*To do*
Write every entry out again exactly, please, and skip the pictures.

*Data for the task*

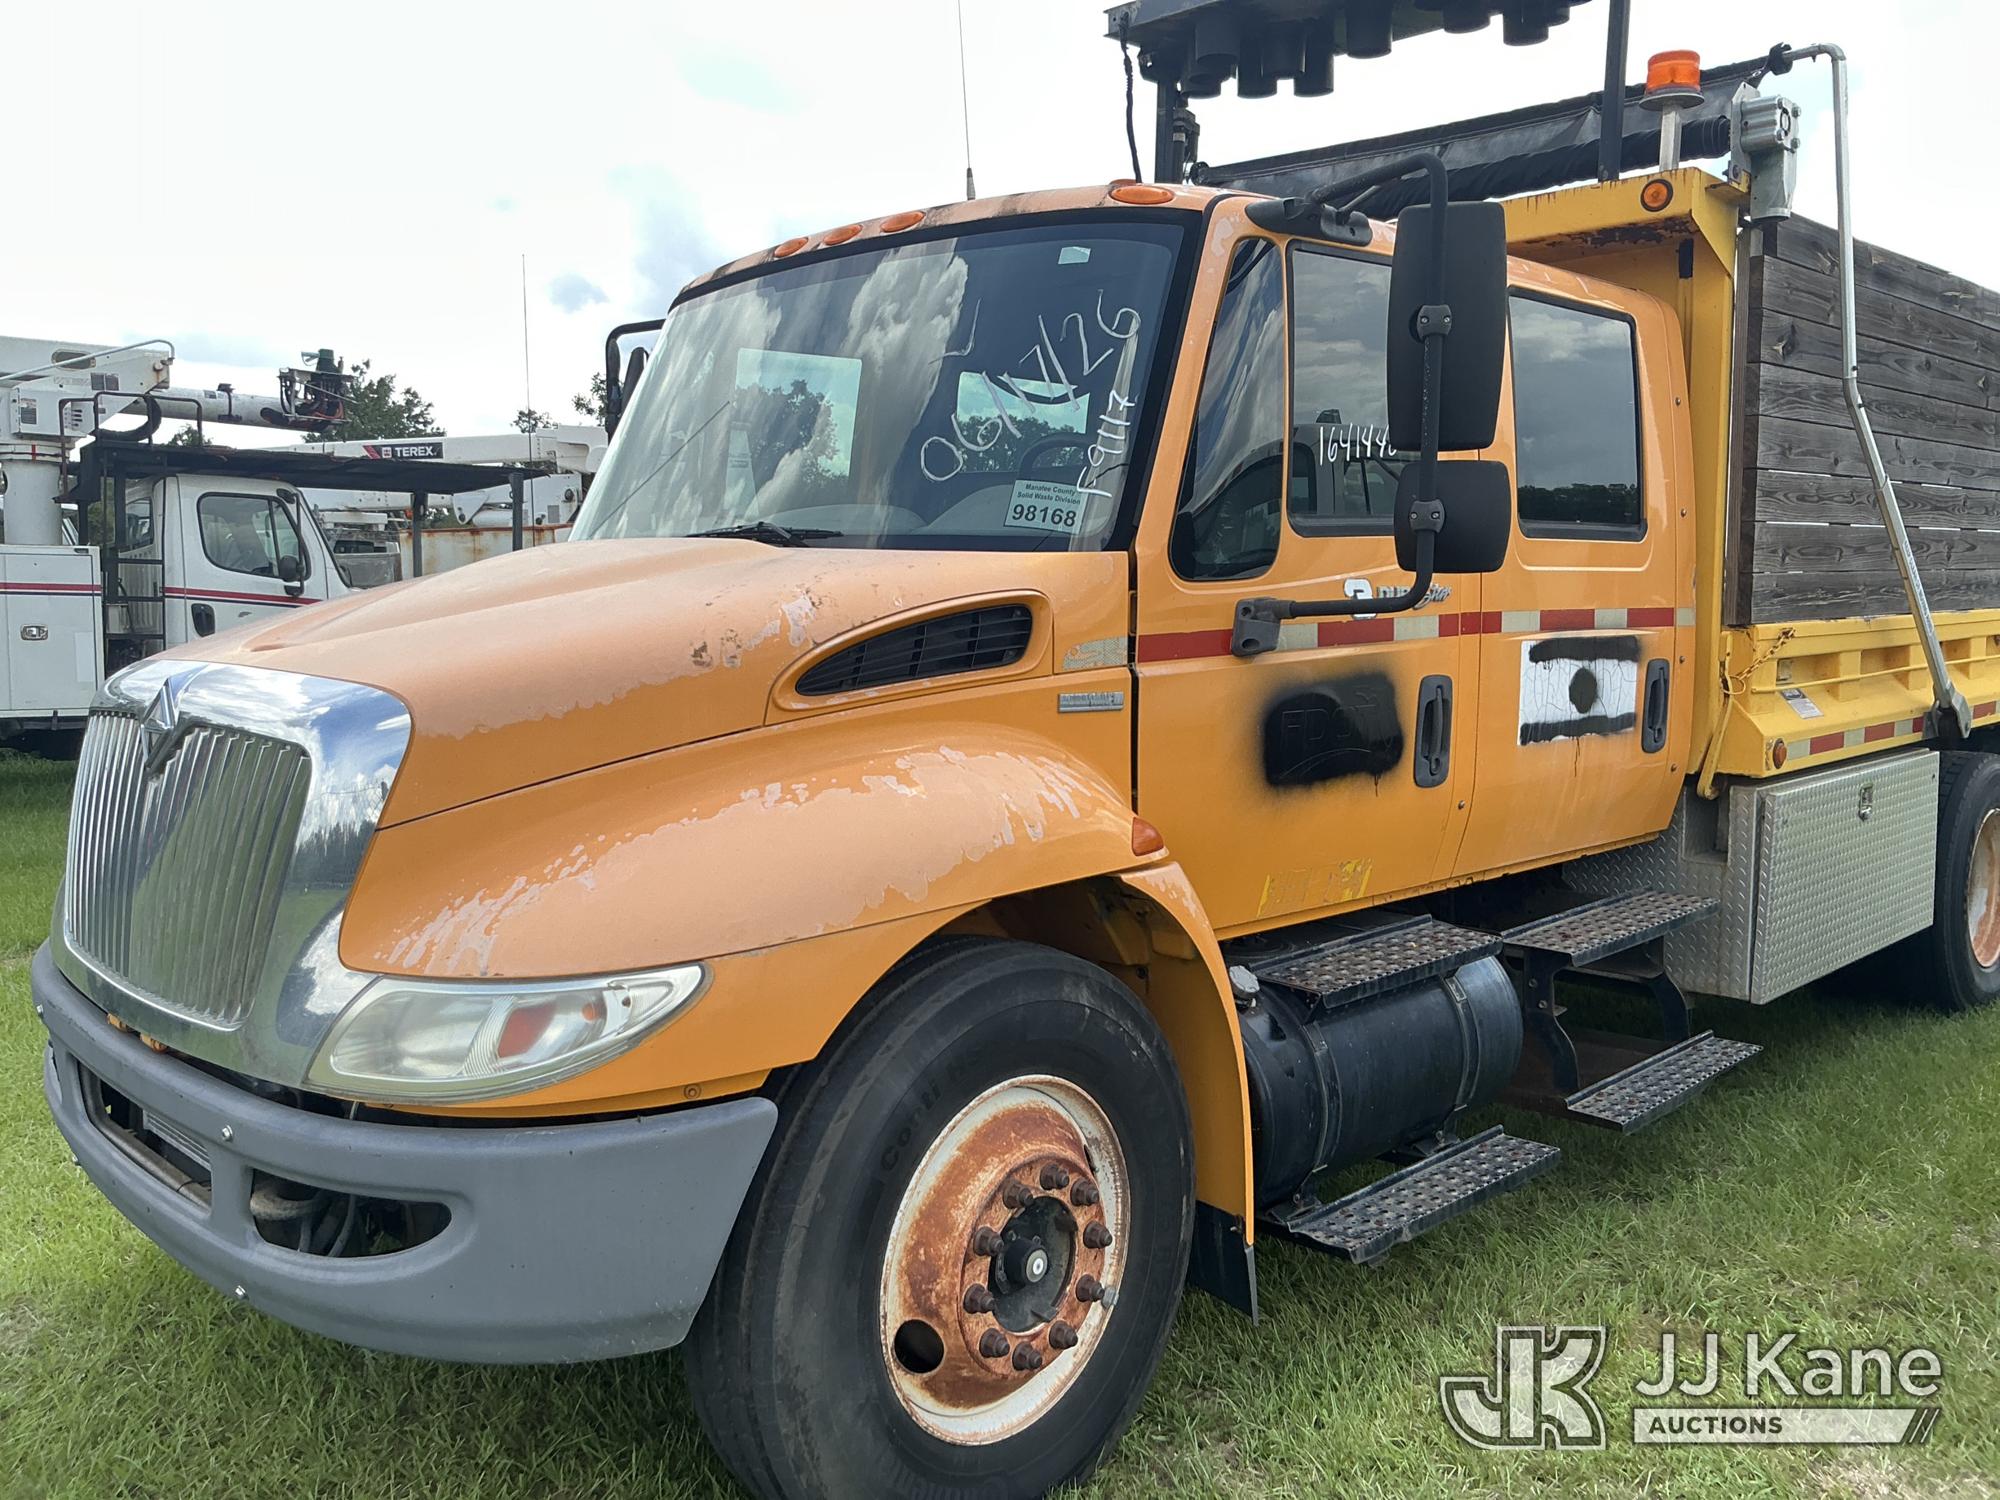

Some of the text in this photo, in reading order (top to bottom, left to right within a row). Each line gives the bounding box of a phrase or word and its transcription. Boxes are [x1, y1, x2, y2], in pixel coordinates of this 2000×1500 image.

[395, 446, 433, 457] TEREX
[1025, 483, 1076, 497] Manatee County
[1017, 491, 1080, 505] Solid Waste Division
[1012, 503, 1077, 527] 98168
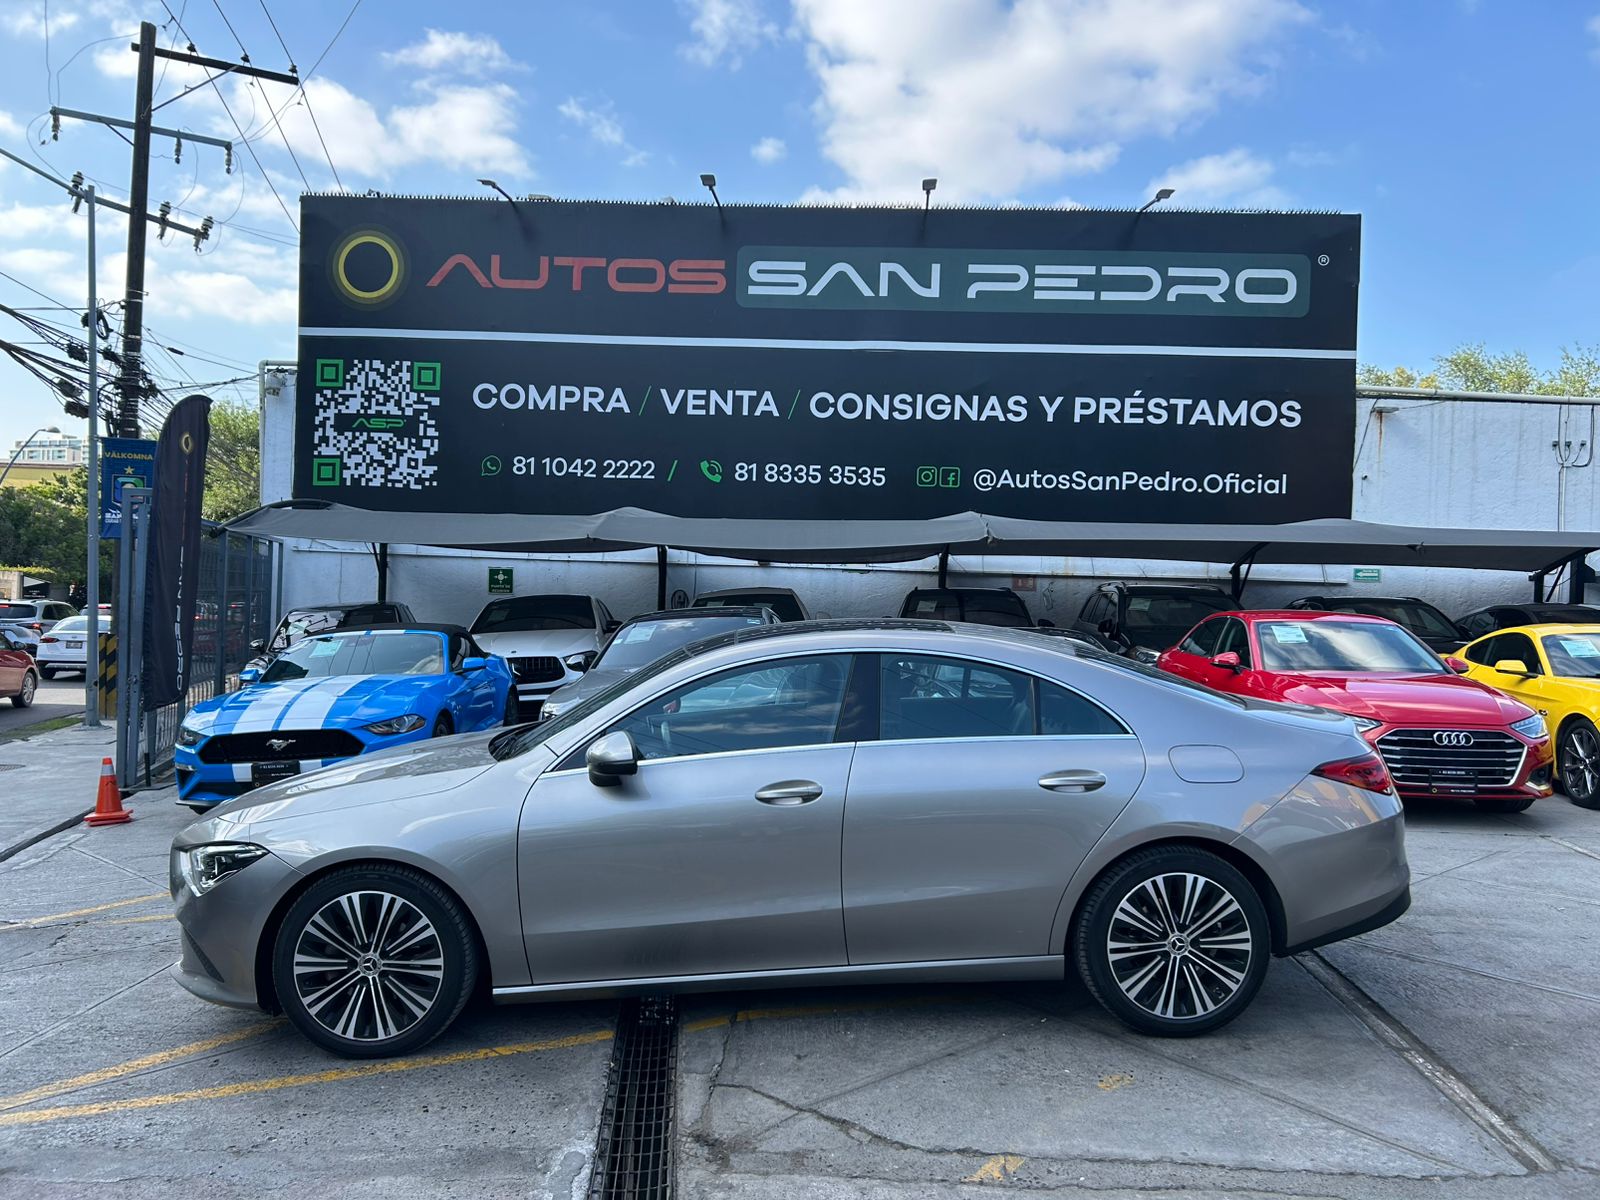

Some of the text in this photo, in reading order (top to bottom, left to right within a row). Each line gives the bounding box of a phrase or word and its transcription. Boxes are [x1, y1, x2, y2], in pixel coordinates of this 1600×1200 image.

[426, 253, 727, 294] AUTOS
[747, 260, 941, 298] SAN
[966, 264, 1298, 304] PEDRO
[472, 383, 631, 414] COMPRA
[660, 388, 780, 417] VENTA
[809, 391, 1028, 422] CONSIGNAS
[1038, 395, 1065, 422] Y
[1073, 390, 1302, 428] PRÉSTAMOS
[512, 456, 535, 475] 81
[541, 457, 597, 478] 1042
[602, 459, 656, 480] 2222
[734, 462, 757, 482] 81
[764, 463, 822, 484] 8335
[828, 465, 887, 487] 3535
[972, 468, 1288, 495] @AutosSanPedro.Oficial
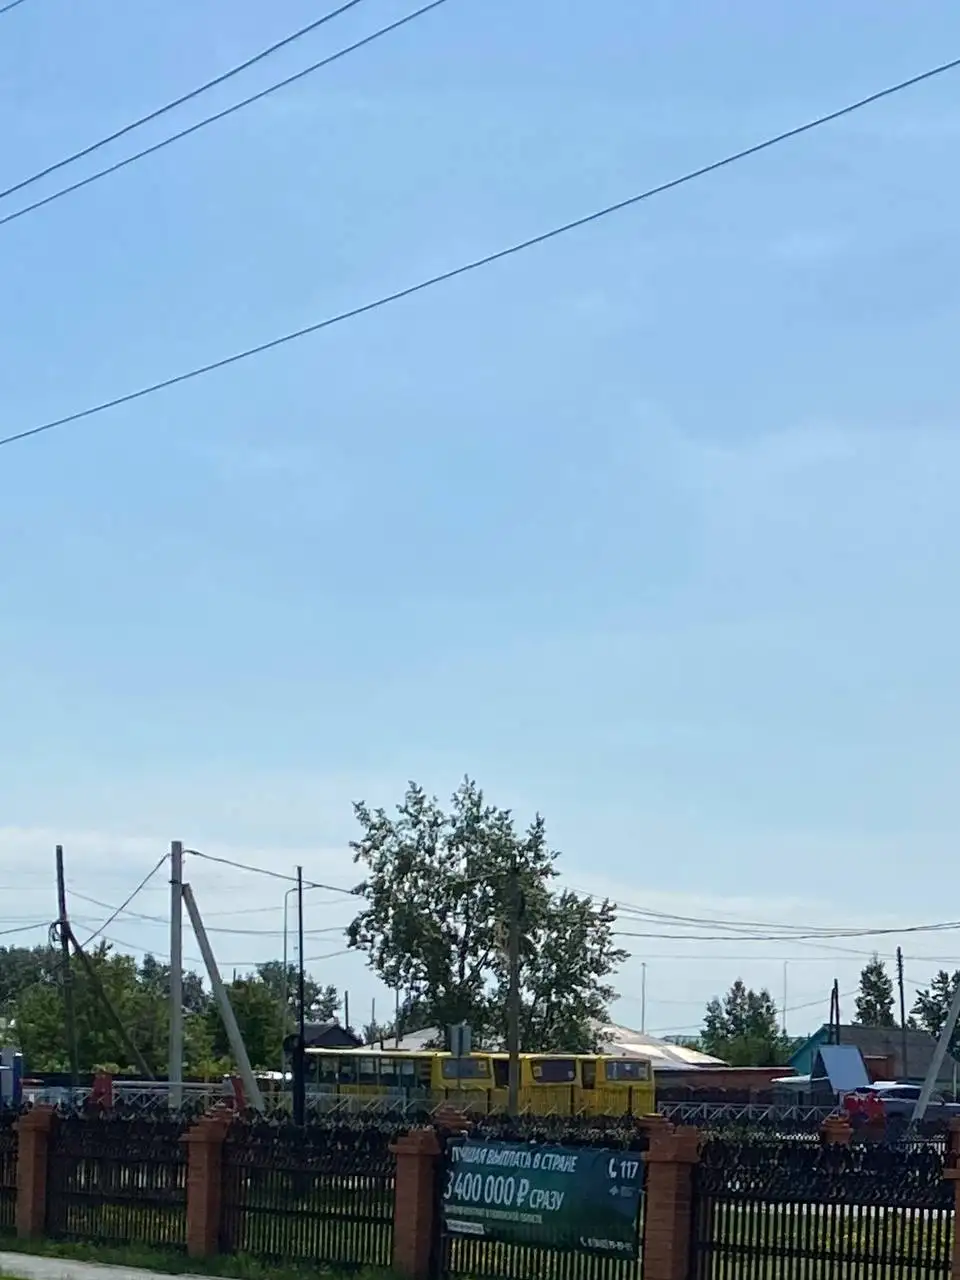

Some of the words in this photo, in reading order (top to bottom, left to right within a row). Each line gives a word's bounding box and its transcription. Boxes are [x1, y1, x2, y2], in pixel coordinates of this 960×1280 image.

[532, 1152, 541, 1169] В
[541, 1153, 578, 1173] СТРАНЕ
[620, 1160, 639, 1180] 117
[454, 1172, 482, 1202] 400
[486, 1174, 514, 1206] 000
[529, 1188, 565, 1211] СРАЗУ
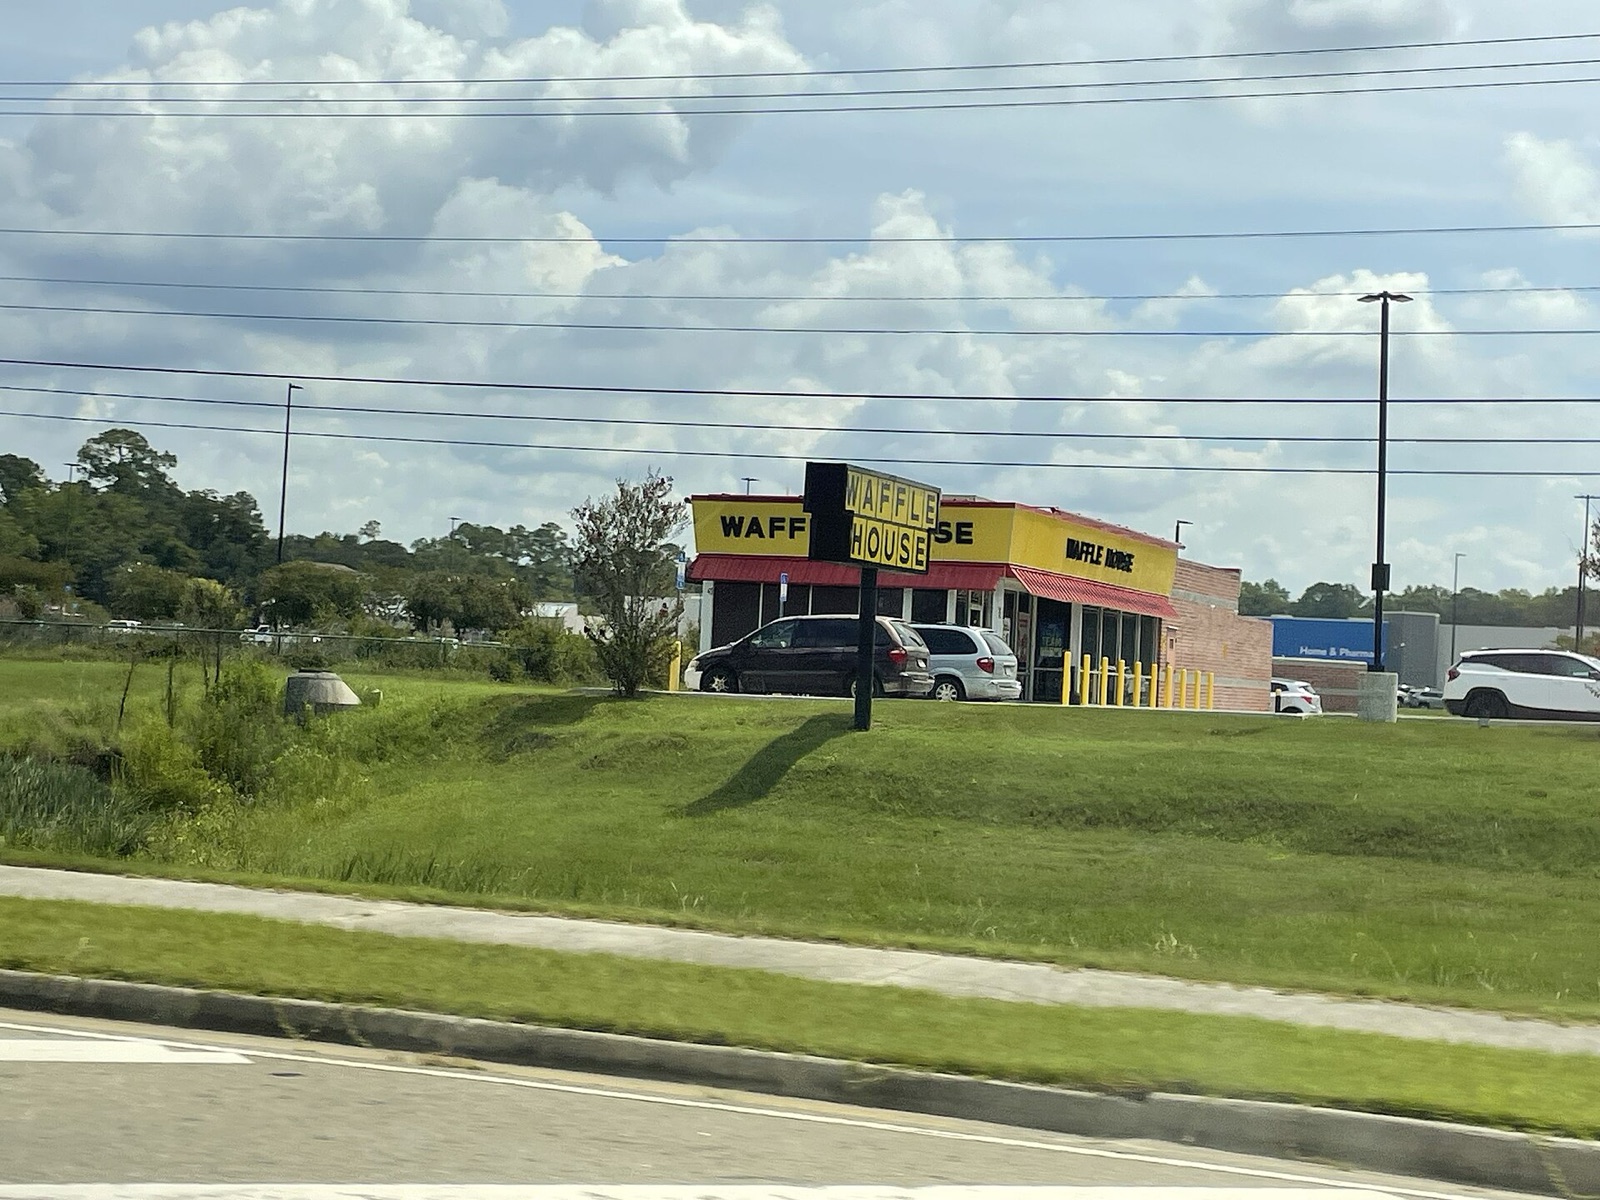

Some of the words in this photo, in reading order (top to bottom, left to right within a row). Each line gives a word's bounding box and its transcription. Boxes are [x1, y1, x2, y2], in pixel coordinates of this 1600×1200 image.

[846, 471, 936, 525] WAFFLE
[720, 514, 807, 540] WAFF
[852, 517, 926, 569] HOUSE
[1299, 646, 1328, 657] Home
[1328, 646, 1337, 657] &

*Task response*
Some of the text in this photo, in reading order (top to bottom, left to right within a row). Each line gives the bounding box of a phrase or word and its transcription. Boxes are [x1, y1, x2, y2], in pixel coordinates of this 2000×1500 image.

[395, 446, 433, 457] TEREX
[1025, 483, 1076, 497] Manatee County
[1017, 491, 1080, 505] Solid Waste Division
[1012, 503, 1077, 527] 98168

Some of the text in this photo, in reading order (top to bottom, left to right within a row). Each line gives the bounding box of a phrase or word and its transcription. Boxes are [x1, y1, x2, y2], in pixel coordinates of this 1600×1200 image.

[426, 253, 727, 294] AUTOS
[747, 260, 941, 298] SAN
[966, 264, 1298, 304] PEDRO
[472, 383, 631, 414] COMPRA
[660, 388, 780, 417] VENTA
[809, 391, 1028, 422] CONSIGNAS
[1038, 395, 1065, 422] Y
[1073, 390, 1302, 428] PRÉSTAMOS
[512, 456, 535, 475] 81
[541, 457, 597, 478] 1042
[602, 459, 656, 480] 2222
[734, 462, 757, 482] 81
[764, 463, 822, 484] 8335
[828, 465, 887, 487] 3535
[972, 468, 1288, 495] @AutosSanPedro.Oficial

Some of the words in this photo, in reading order (top to bottom, left to right within a row). Each line gives a word's bounding box and its transcription. Boxes are [x1, y1, x2, y2], in pixel coordinates of this 960×1280 image.

[532, 1152, 541, 1169] В
[541, 1153, 578, 1173] СТРАНЕ
[620, 1160, 639, 1180] 117
[454, 1172, 482, 1202] 400
[486, 1174, 514, 1206] 000
[529, 1188, 565, 1211] СРАЗУ

Some of the words in this photo, in reading order (top to bottom, left to right within a row). Each line gives a word's bounding box and its transcription. Boxes are [x1, y1, x2, y2], in pixel coordinates of this 1600×1200 image.

[846, 471, 936, 525] WAFFLE
[720, 514, 807, 540] WAFF
[852, 517, 926, 569] HOUSE
[1299, 646, 1328, 657] Home
[1328, 646, 1337, 657] &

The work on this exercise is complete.